Source records:
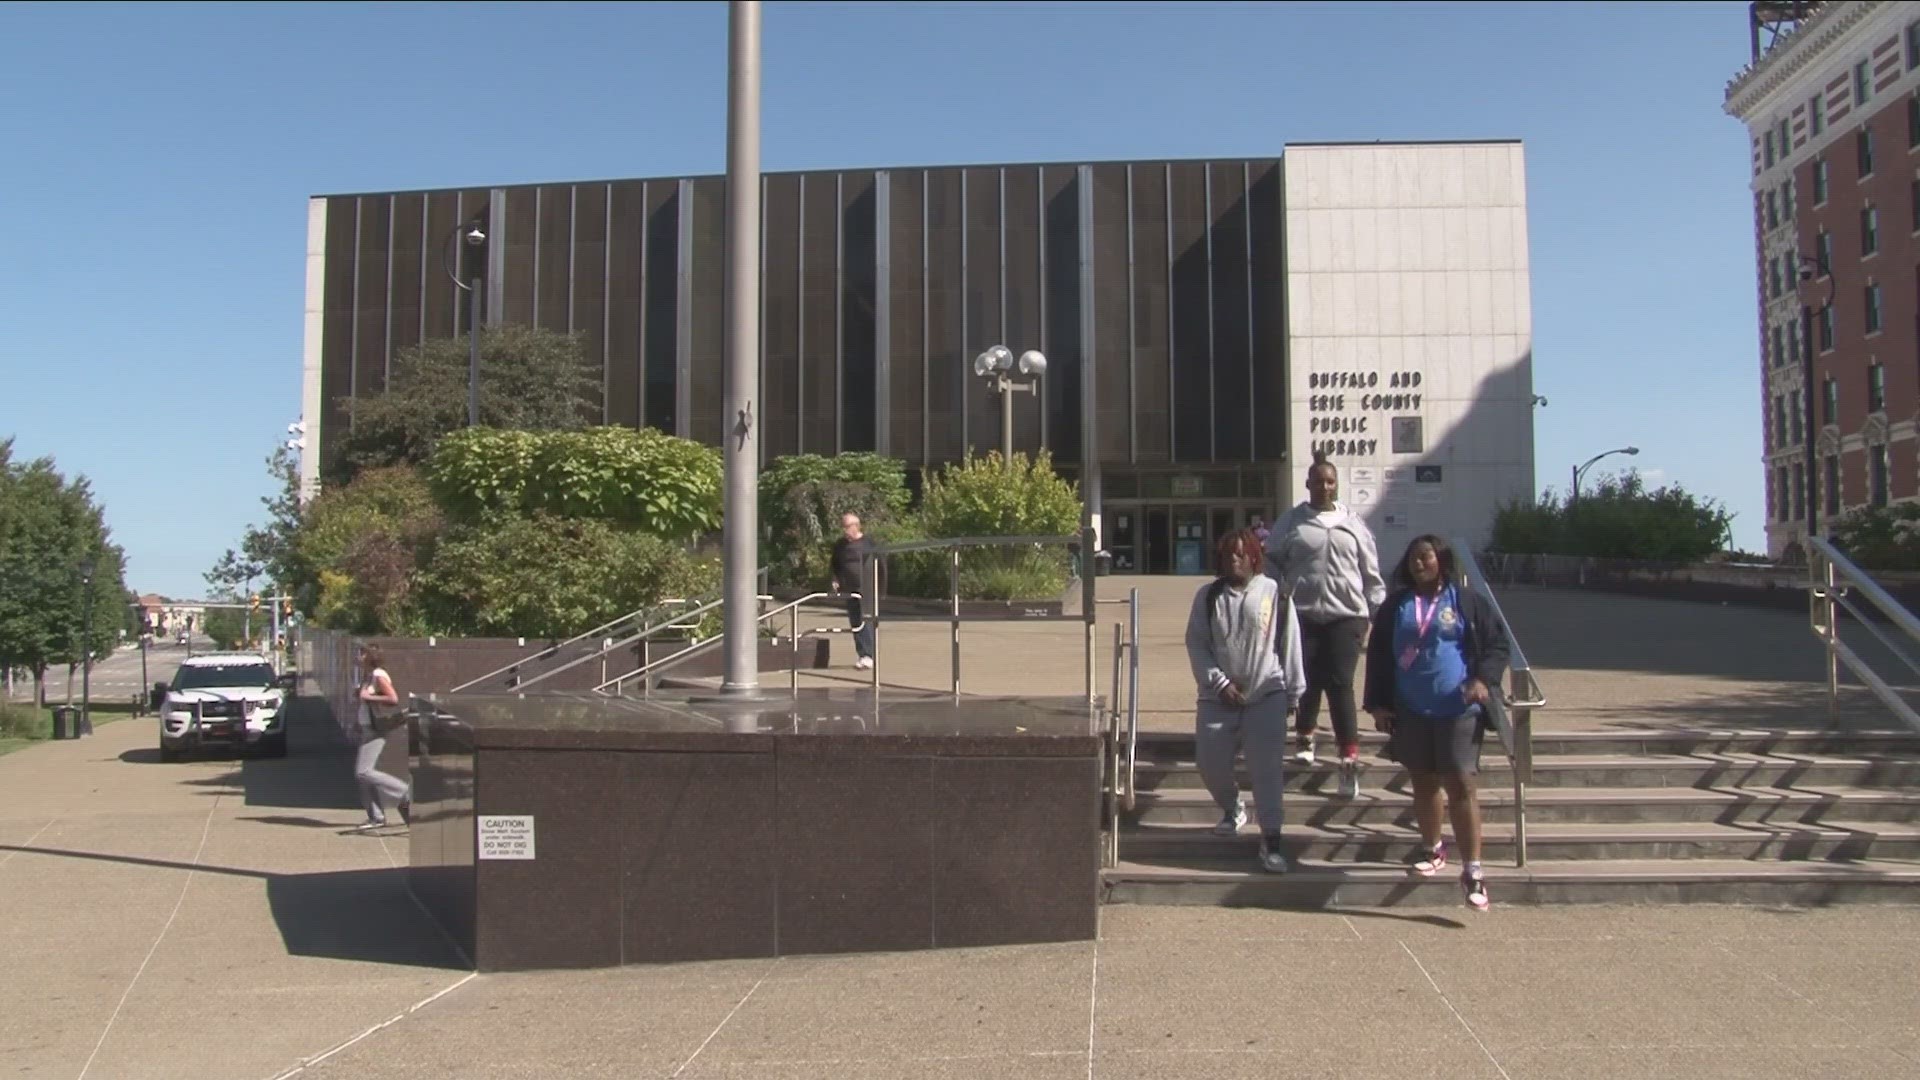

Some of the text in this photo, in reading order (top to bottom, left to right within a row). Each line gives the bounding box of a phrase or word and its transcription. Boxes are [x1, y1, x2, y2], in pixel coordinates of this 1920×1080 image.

[1309, 372, 1422, 388] BUFFALO AND
[1309, 394, 1422, 411] ERIE COUNTY
[1310, 417, 1367, 433] PUBLIC
[1311, 439, 1377, 456] LIBRARY
[486, 820, 525, 828] CAUTION
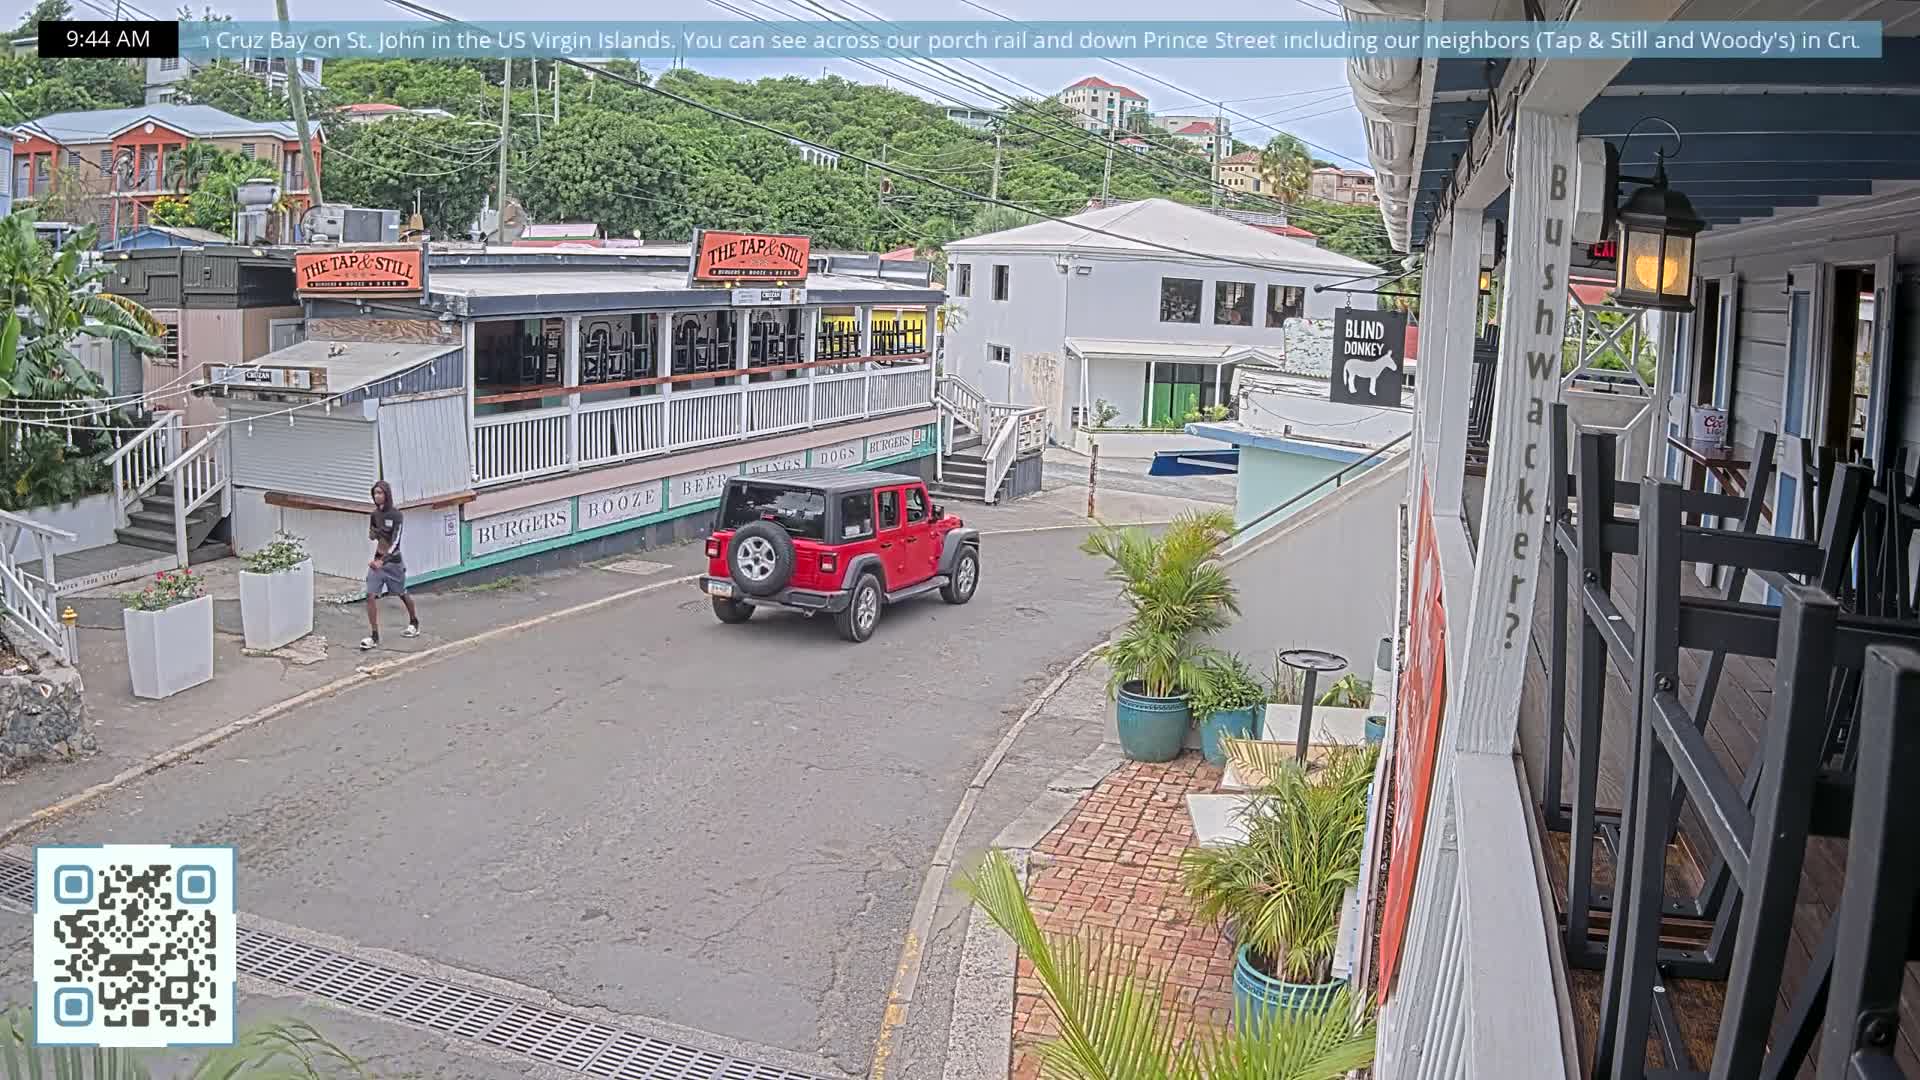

Problem details: Transcribe all entries above exactly. Drop the pictures.

Answer area:
Some of the text in this photo, in reading order (top to bottom, left to right within a row). Each line gives the bounding box of a phrase or word and its transcription. Boxes are [x1, y1, x2, y2], in pixel coordinates of this 1920×1080 image.

[1309, 372, 1422, 388] BUFFALO AND
[1309, 394, 1422, 411] ERIE COUNTY
[1310, 417, 1367, 433] PUBLIC
[1311, 439, 1377, 456] LIBRARY
[486, 820, 525, 828] CAUTION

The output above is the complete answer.